I walked past the Colchester cricket ground the other day and stopped when I saw these steel frames over to one side of the field. The cage-like things on the left are the 'nets', so-called because in the season they are covered with heavy netting with the nearer end open. At the far, enclosed end are stumps which a batsman defends against a bowler coming in from this end. The batsman can hit the ball as hard as he likes as most of the power of the ball is absorbed by the netting, unless he drives it directly at the bowler.
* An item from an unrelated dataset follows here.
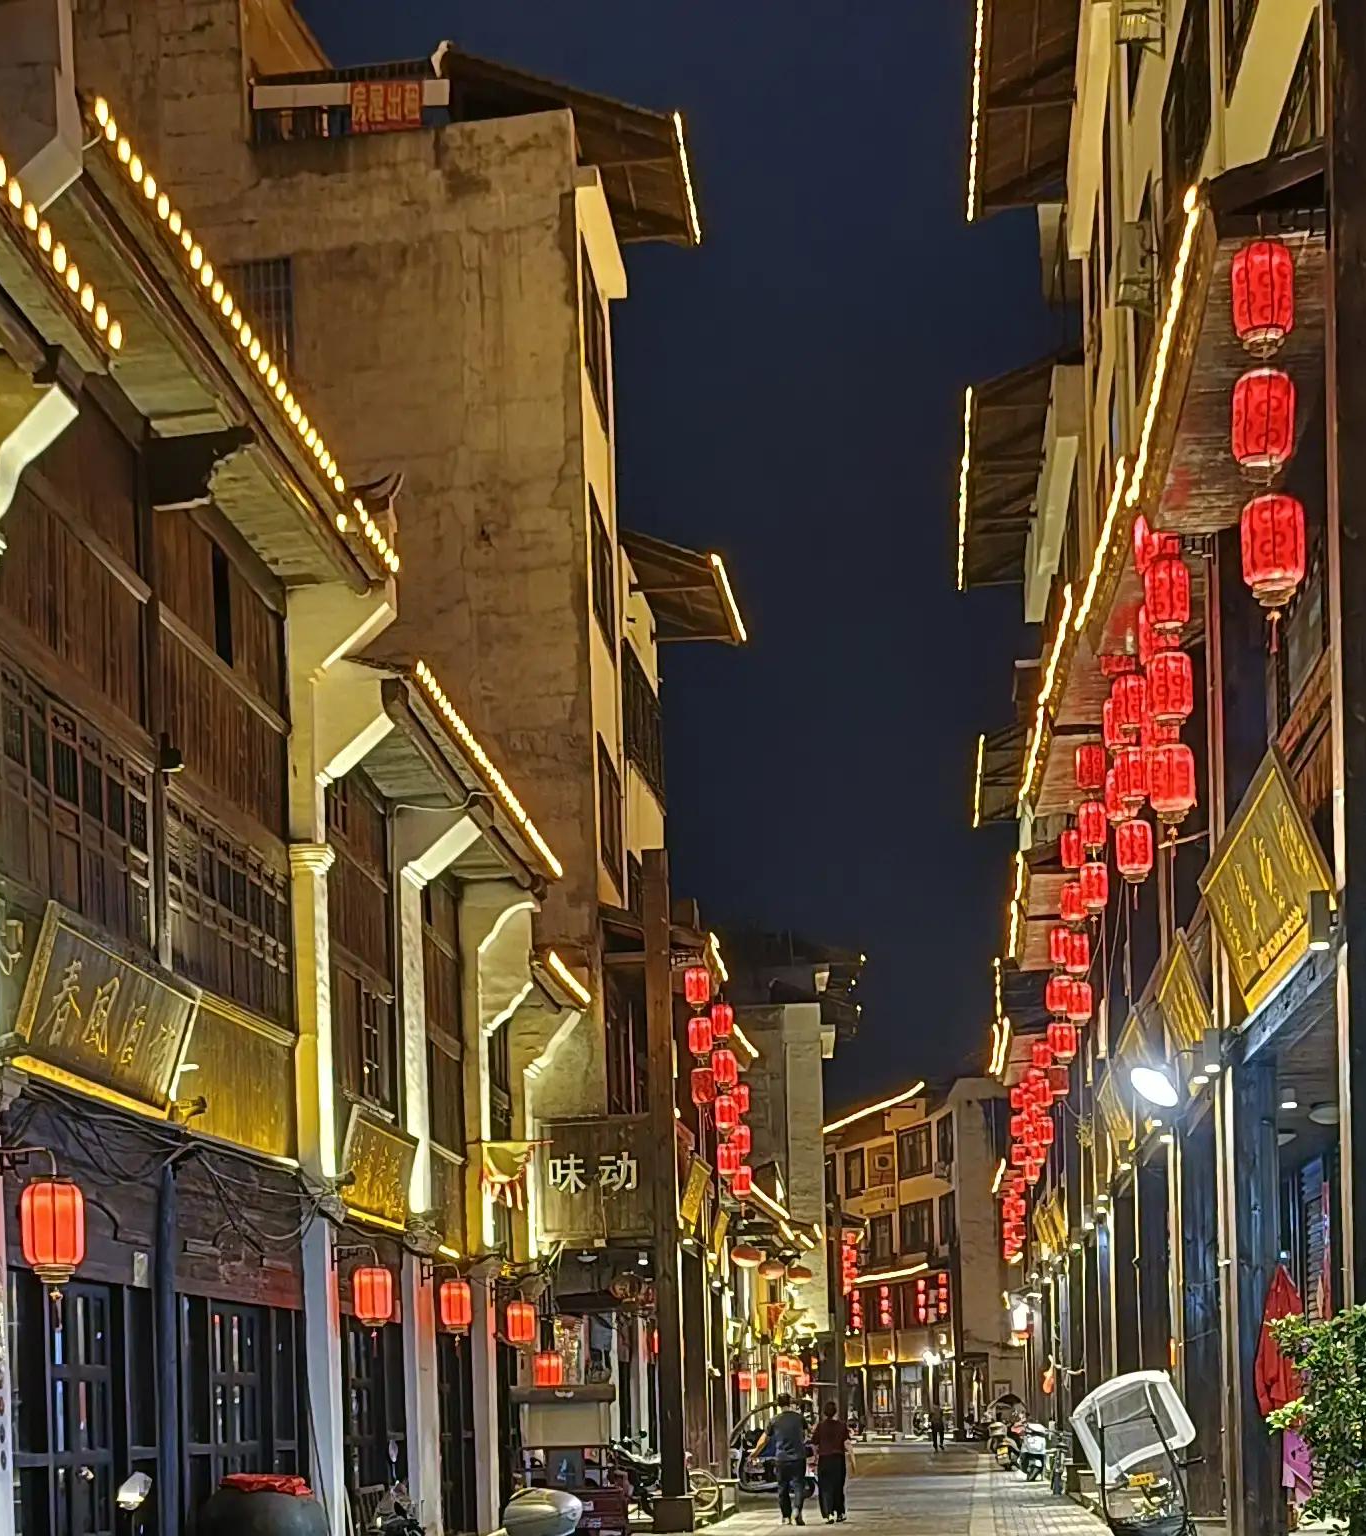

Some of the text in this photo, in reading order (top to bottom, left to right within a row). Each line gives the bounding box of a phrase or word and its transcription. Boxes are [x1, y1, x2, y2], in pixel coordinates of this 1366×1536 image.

[352, 83, 421, 123] 房屋出租
[547, 1151, 639, 1195] 味动
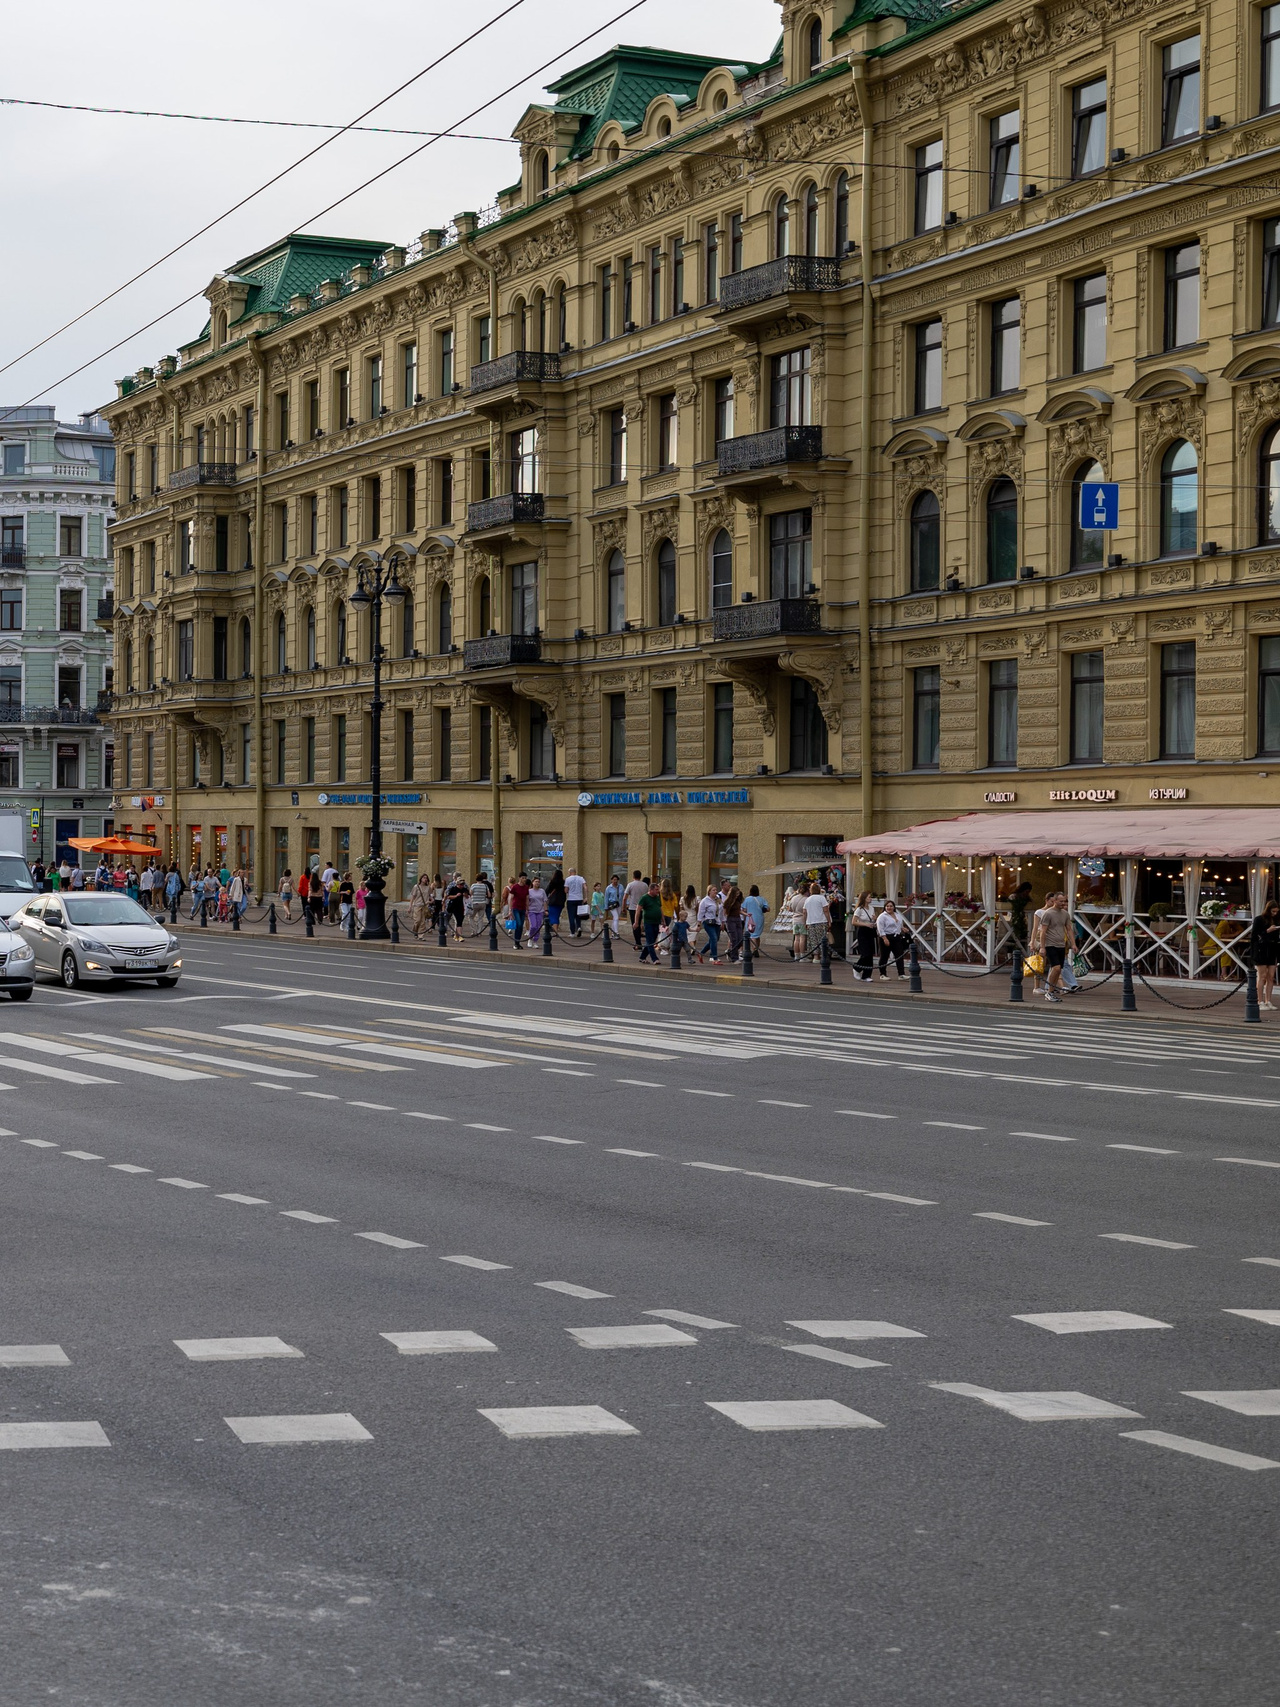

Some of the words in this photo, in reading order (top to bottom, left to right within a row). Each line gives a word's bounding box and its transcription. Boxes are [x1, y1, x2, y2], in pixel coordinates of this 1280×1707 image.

In this picture of me at my prep school, Glengorse, taken in either 1957 or 1958, I look happy in my cricketing whites. The fact is that I really didn't enjoy cricket at all, which was a great disappointment to my father who played for years and then became one of the Mombasa Sports Club's top umpires. Despite this, I was picked for the school's 1st XI.

I particularly hated practising in the nets. There was no incentive for the bowler to be kind to the batsman, so batting in them was, to a weak batsman like me, no fun and, very often, positively dangerous.

Worse, as the team's wicket keeper, I was sometimes told by the teacher who coached us to practise wicket-keeping behind the batsman in the nets. This was horrible as there was very little room between the stumps and the back net, so one couldn't stand back from them if the delivery was fast.

Inevitably, as I saw it, I lost sight of a particularly nasty ball which the batsman missed and which then bounced up and hit me square in the face. It made a bloody mess of my lips and chipped one of my front teeth.

I'm the one at top right in the team photo, the one who, perhaps understandably, is looking thoroughly pissed off.